While Chinese dictators throw 120 million Euro on Nepal to close Everest South side for the Olympic torch relay; they deny payments to their own migrant workers building the Olympic stage.
At 900 million people, rural peasants make up the vast majority of the Chinese. These people are chained to their spot, by law prohibited to move. In search for a better life, some become migrant workers. The boys go into construction, the girls into sweatshop factories making our toys, clothing and shoes. These are the folks serving to make China's selected urban population and western investors rich. They are beaten, extorted and at least on one occasion - killed.
No legal protection
In 2003, Inter Press news service reported that China's migrant workers do the dirtiest and most dangerous jobs, are paid at the whim of their employers, are barred from access to public services including hospitals and enjoy almost no legal rights. By then, about 100 million people worked as such pariah workers, and according to a BBC report, were owed about $12bn of back-pay by their homeland.
Back then, many economists said the rural-urban gap in income (1:3) was wider than when the communists came to power in 1949.
"Party chief Hu Jintao, who is assuming the presidency from retiring Jiang Zemin, and premier-to-be Wen Jiabao have made public their intention to be more responsive to the needs of the downtrodden in society," however reported IRN in 2003. So how did it go?
No change with new regime
Wang was executed in 2005, the desperate woman stripped naked in 2006. In July 2007, hoodlums hired as strike breakers murdered a migrant construction worker at a building site in Guangdong province where the striking workers had remained unpaid for months.
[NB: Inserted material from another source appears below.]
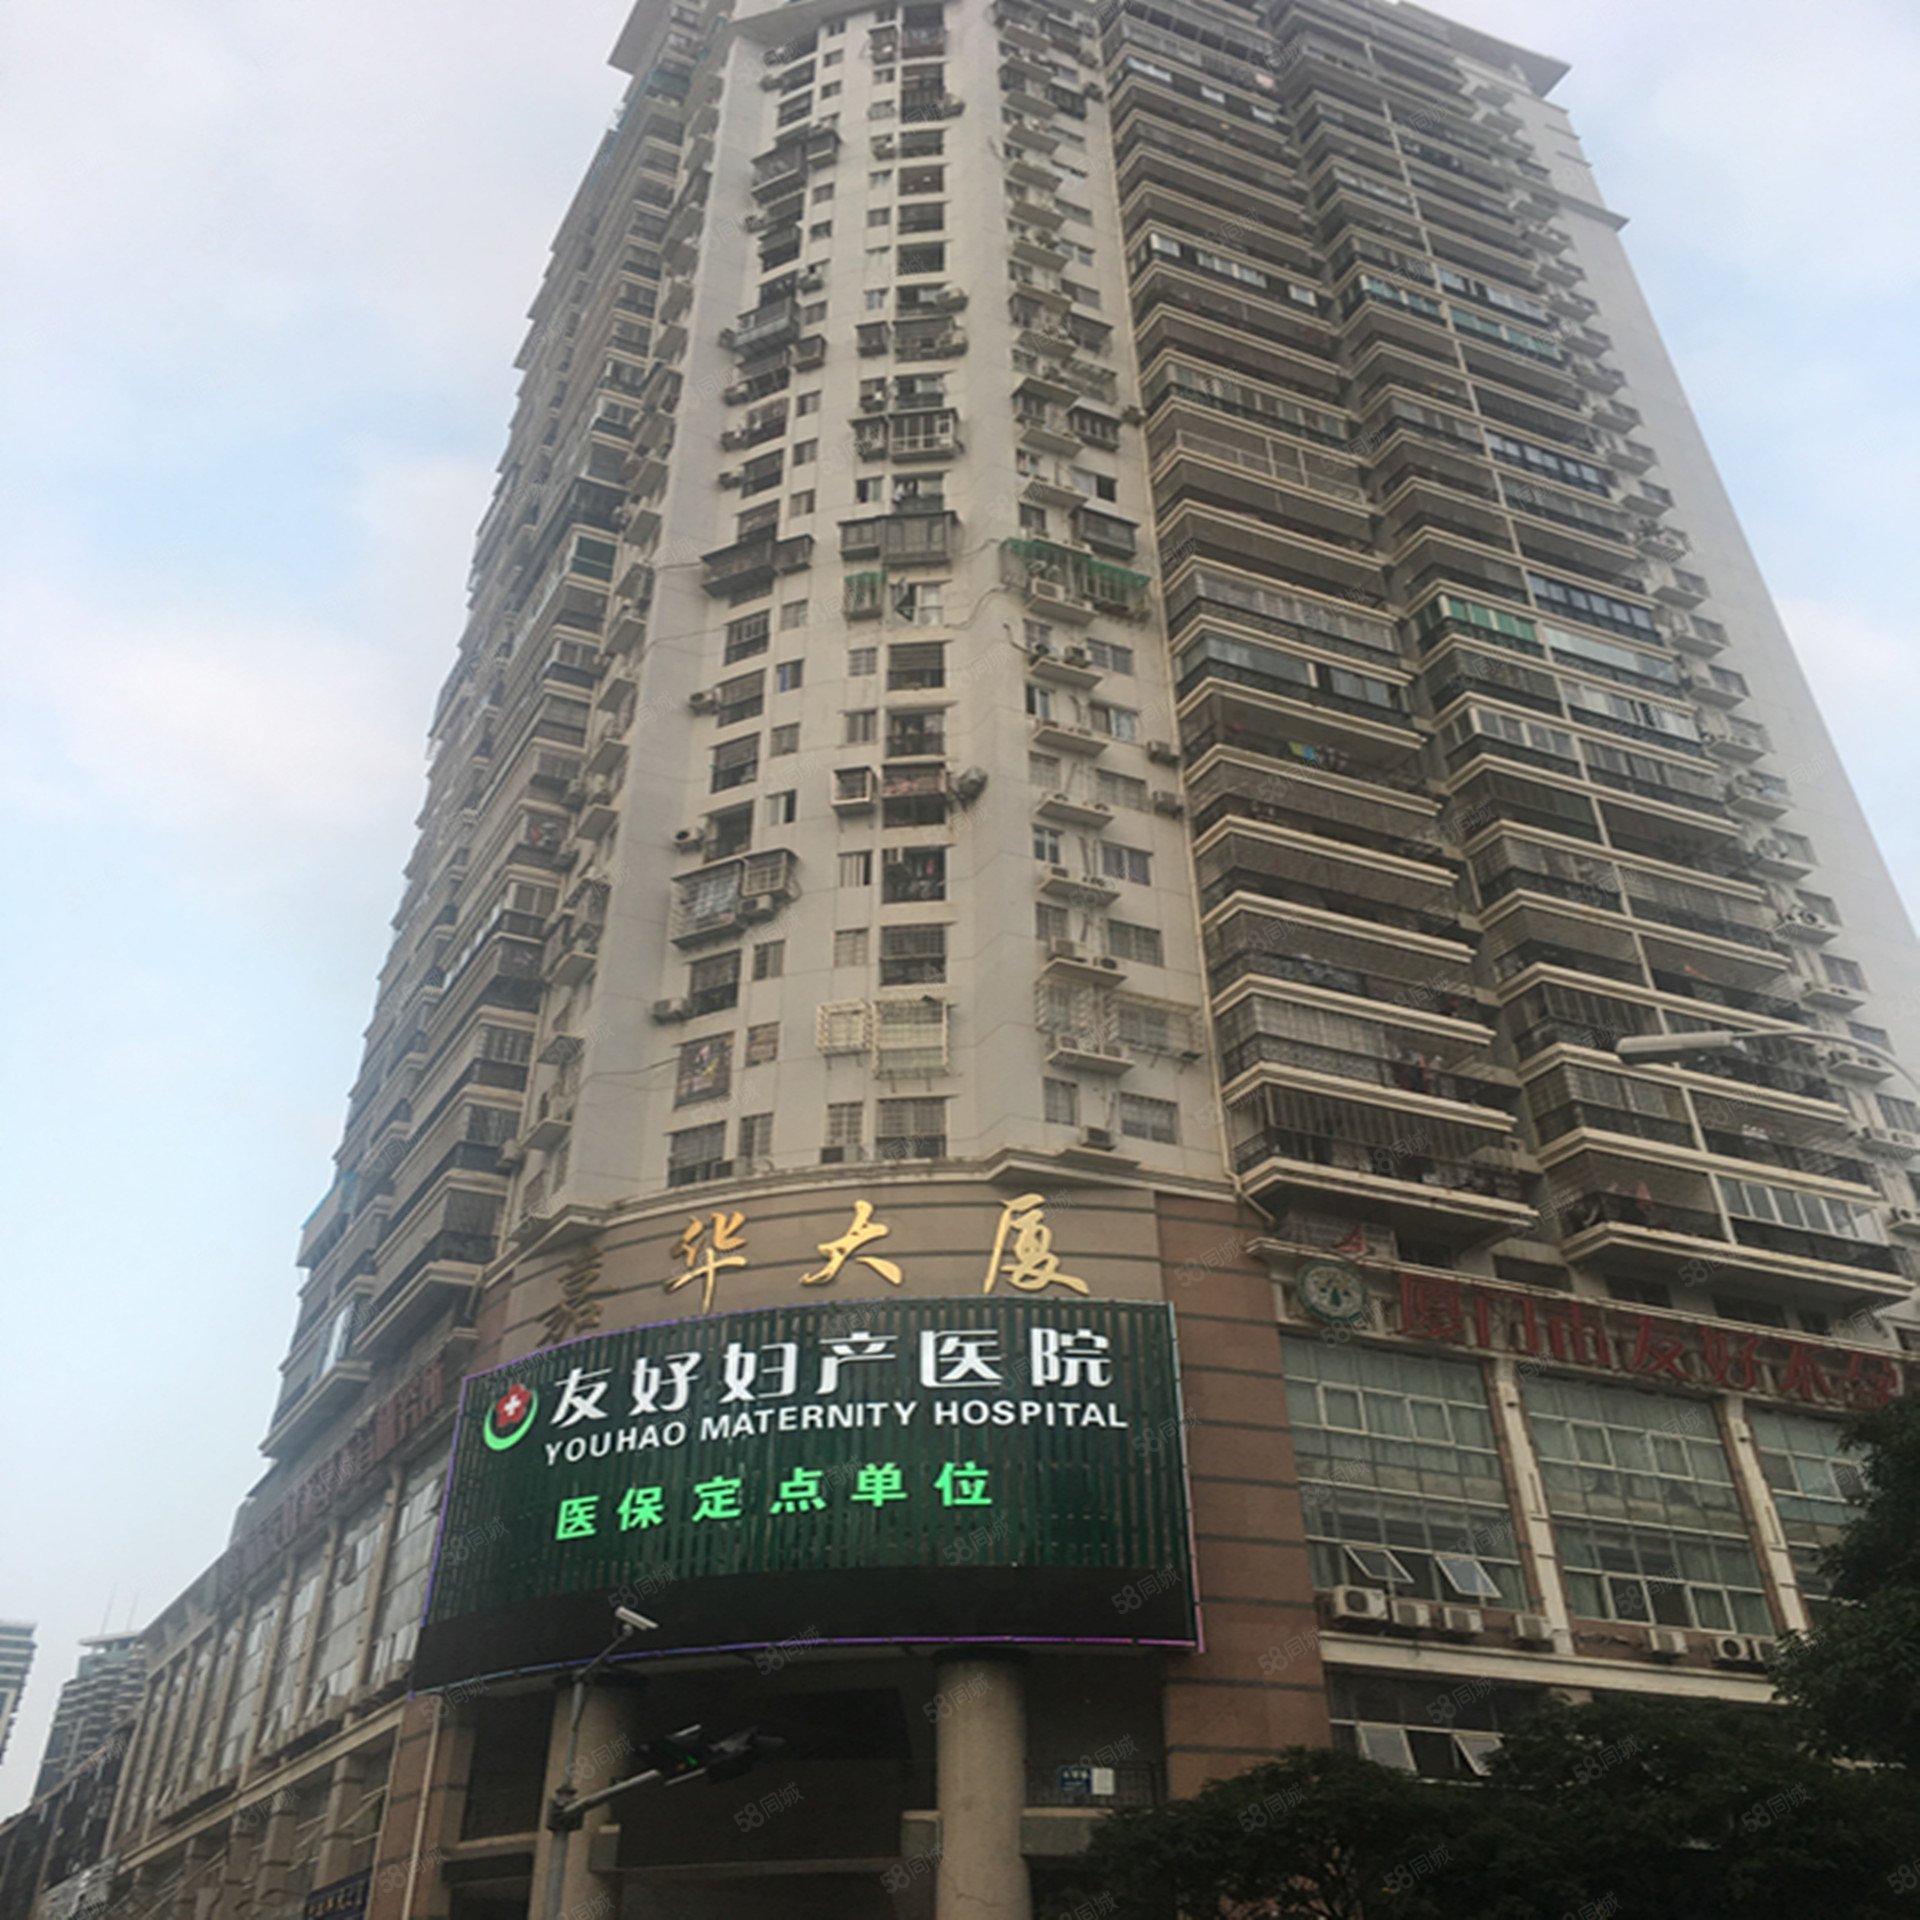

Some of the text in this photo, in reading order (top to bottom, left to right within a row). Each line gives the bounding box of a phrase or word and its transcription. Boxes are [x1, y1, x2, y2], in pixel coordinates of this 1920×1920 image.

In a 61-page report released by the Human Rights Watch on March 12, 2008, it is stated that about 1 million migrants now make up nearly 90 percent of a construction workforce building the "New Beijing" and Olympic Games-related infrastructure.
The migrants claim that they are forced to work, and lucky if they are paid at all. They can't file complaints against their employers due to lack of Beijing residence permits. Those who protest face threats of sometimes deadly violence. Workers told Human Rights Watch they work every day without break, that they are sometimes woken and ordered to get up and work in the middle of the night. Only available to legally registered urban residents; the migrants get no medical services while working hazardous construction with no insurance.
Come pay-day, project bosses claim they are busy or that ‘the money hasn’t arrived yet’. Some workers end up with less than 20 Yuan (US$2.67) per day, while being deducted eight Yuan (US$1.07) per day for living costs.
Others have their salaries withheld for up to a year and then are offered a low lump-sum. Others again get no pay at all.
Enjoy the free lunch
"The Chinese government is all talk and no action when it comes to delivering meaningful protection and social services for migrant construction workers," said Sophie Richardson, Asia advocacy director at the Human Rights Watch.
The Olympic movement reportedly prides itself on its dedication to ‘fundamental universal ethical principles.’ Fundamental international human rights are clearly not part of it.
When we reach for that cheap product made in China, we should whisper a prayer for Wang. When the politicians, athletes and journalists enter the flashy grounds of the Olympic village in a few months time; they should remember that at least six workers have died building it, while one group of Chinese migrant workers told Human Rights Watch their employer refused to pay for work performed between April 2006 and November 2006. In March 2007, the workers still had not been paid.